Source records
····················
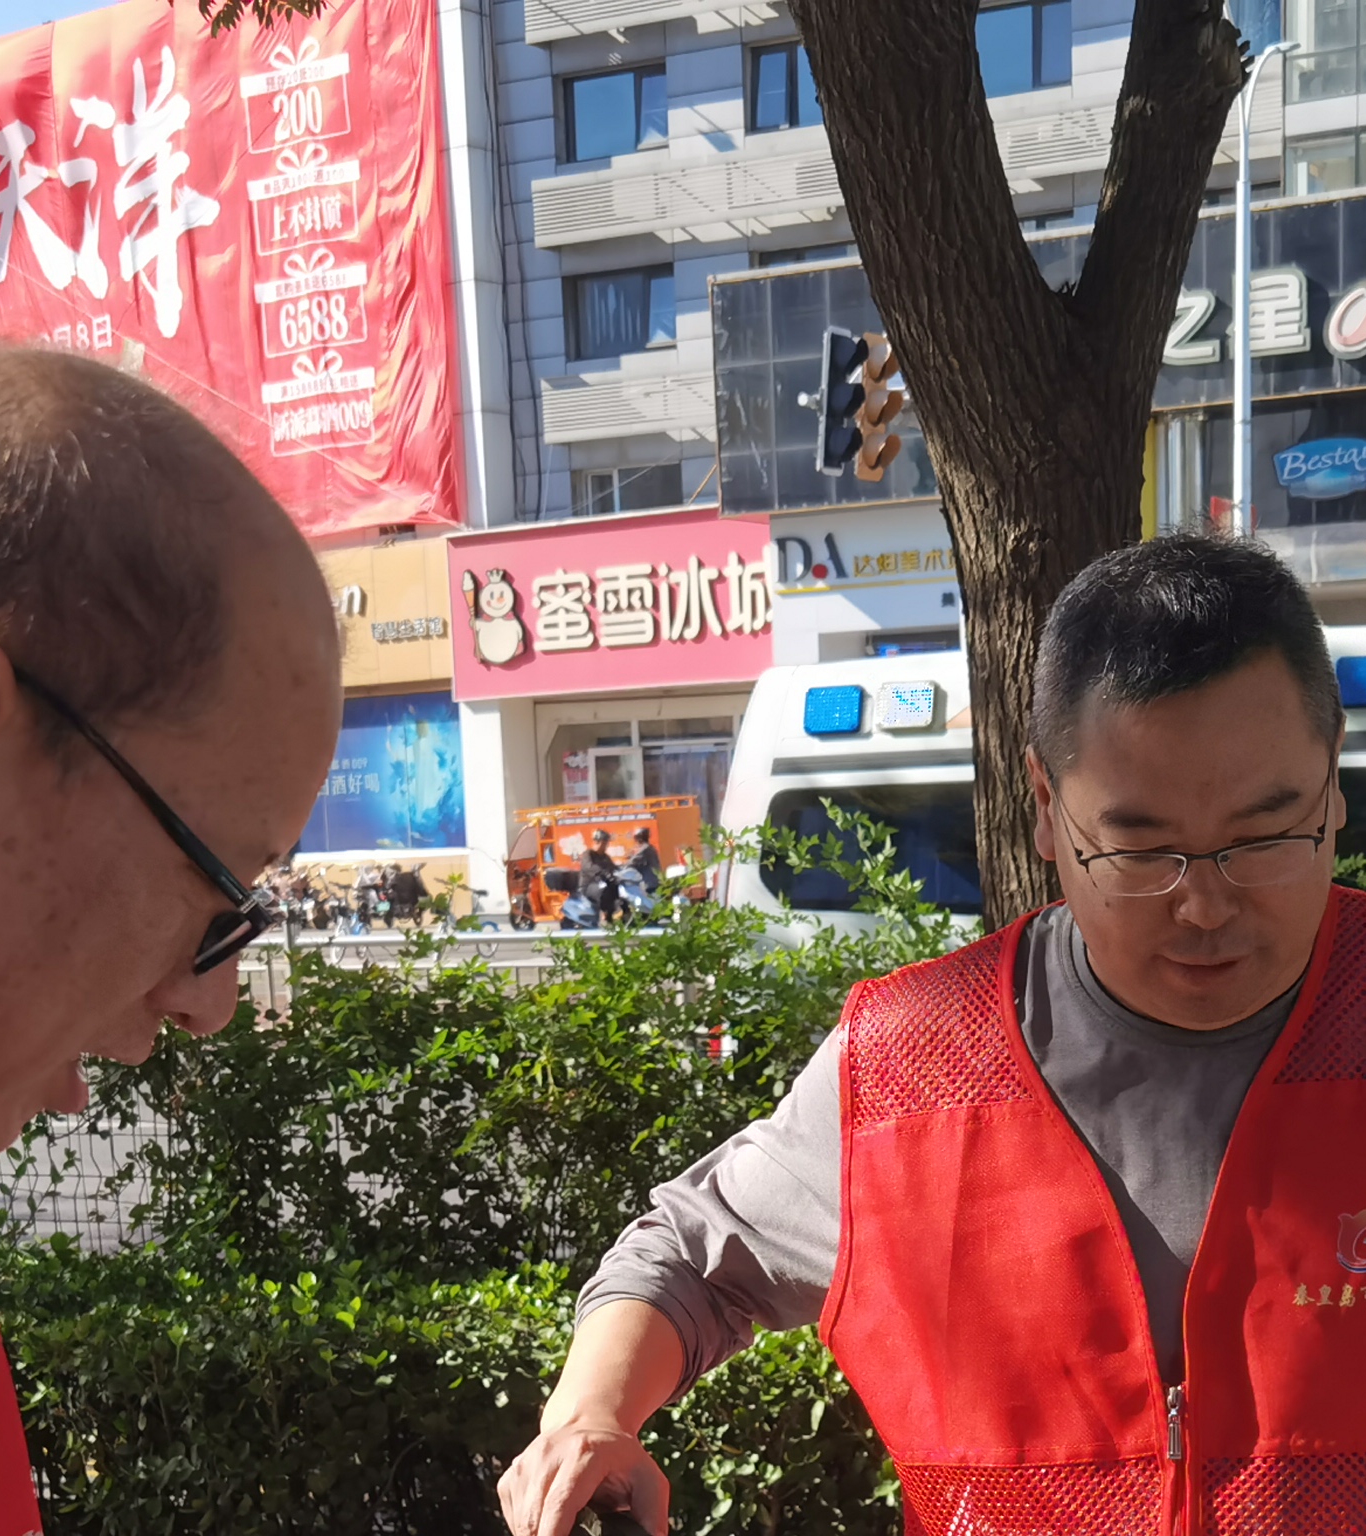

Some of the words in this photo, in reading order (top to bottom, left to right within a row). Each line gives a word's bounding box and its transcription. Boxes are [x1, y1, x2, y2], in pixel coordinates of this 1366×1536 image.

[273, 86, 323, 142] 200
[270, 193, 343, 241] 上不封顶
[280, 294, 349, 348] 6588
[531, 542, 779, 652] 蜜雪冰城
····················
§ **Exercise directions**: Repeat the data exactly in full, omitting its pictures.

§ **Answer**:
Some of the words in this photo, in reading order (top to bottom, left to right within a row). Each line gives a word's bounding box and its transcription. Boxes are [x1, y1, x2, y2], in pixel coordinates of this 1366×1536 image.

[273, 86, 323, 142] 200
[270, 193, 343, 241] 上不封顶
[280, 294, 349, 348] 6588
[531, 542, 779, 652] 蜜雪冰城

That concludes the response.